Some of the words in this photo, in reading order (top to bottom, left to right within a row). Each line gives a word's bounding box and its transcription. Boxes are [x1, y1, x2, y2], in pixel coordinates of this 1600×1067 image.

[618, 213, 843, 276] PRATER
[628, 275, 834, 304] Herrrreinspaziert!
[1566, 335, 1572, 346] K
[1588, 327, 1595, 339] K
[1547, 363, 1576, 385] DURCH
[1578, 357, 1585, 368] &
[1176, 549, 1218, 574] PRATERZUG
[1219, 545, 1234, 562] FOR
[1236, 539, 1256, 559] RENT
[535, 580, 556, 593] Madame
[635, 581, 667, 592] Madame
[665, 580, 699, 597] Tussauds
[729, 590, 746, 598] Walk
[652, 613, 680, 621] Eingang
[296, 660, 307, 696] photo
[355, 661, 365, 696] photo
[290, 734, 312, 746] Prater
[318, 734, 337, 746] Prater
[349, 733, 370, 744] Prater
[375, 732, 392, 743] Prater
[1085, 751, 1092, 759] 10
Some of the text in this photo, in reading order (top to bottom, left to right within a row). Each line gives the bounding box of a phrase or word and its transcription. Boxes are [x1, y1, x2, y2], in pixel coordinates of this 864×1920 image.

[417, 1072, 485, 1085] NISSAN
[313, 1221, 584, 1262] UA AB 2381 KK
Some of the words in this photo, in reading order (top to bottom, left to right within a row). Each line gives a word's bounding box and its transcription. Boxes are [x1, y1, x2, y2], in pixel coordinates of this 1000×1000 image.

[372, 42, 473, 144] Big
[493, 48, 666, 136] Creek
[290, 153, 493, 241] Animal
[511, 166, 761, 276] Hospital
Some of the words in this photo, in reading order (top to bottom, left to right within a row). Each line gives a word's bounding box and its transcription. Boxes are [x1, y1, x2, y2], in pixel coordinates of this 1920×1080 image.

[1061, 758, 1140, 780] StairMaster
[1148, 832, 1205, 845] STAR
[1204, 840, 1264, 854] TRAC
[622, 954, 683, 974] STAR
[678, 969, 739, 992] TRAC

* * * * *

**TRY IT:**
Please set down the entire material above exactly as presented.

**YOUR RESPONSE:**
Some of the words in this photo, in reading order (top to bottom, left to right within a row). Each line gives a word's bounding box and its transcription. Boxes are [x1, y1, x2, y2], in pixel coordinates of this 1600×1067 image.

[618, 213, 843, 276] PRATER
[628, 275, 834, 304] Herrrreinspaziert!
[1566, 335, 1572, 346] K
[1588, 327, 1595, 339] K
[1547, 363, 1576, 385] DURCH
[1578, 357, 1585, 368] &
[1176, 549, 1218, 574] PRATERZUG
[1219, 545, 1234, 562] FOR
[1236, 539, 1256, 559] RENT
[535, 580, 556, 593] Madame
[635, 581, 667, 592] Madame
[665, 580, 699, 597] Tussauds
[729, 590, 746, 598] Walk
[652, 613, 680, 621] Eingang
[296, 660, 307, 696] photo
[355, 661, 365, 696] photo
[290, 734, 312, 746] Prater
[318, 734, 337, 746] Prater
[349, 733, 370, 744] Prater
[375, 732, 392, 743] Prater
[1085, 751, 1092, 759] 10
Some of the text in this photo, in reading order (top to bottom, left to right within a row). Each line gives the bounding box of a phrase or word and its transcription. Boxes are [x1, y1, x2, y2], in pixel coordinates of this 864×1920 image.

[417, 1072, 485, 1085] NISSAN
[313, 1221, 584, 1262] UA AB 2381 KK
Some of the words in this photo, in reading order (top to bottom, left to right within a row). Each line gives a word's bounding box and its transcription. Boxes are [x1, y1, x2, y2], in pixel coordinates of this 1000×1000 image.

[372, 42, 473, 144] Big
[493, 48, 666, 136] Creek
[290, 153, 493, 241] Animal
[511, 166, 761, 276] Hospital
Some of the words in this photo, in reading order (top to bottom, left to right within a row). Each line gives a word's bounding box and its transcription. Boxes are [x1, y1, x2, y2], in pixel coordinates of this 1920×1080 image.

[1061, 758, 1140, 780] StairMaster
[1148, 832, 1205, 845] STAR
[1204, 840, 1264, 854] TRAC
[622, 954, 683, 974] STAR
[678, 969, 739, 992] TRAC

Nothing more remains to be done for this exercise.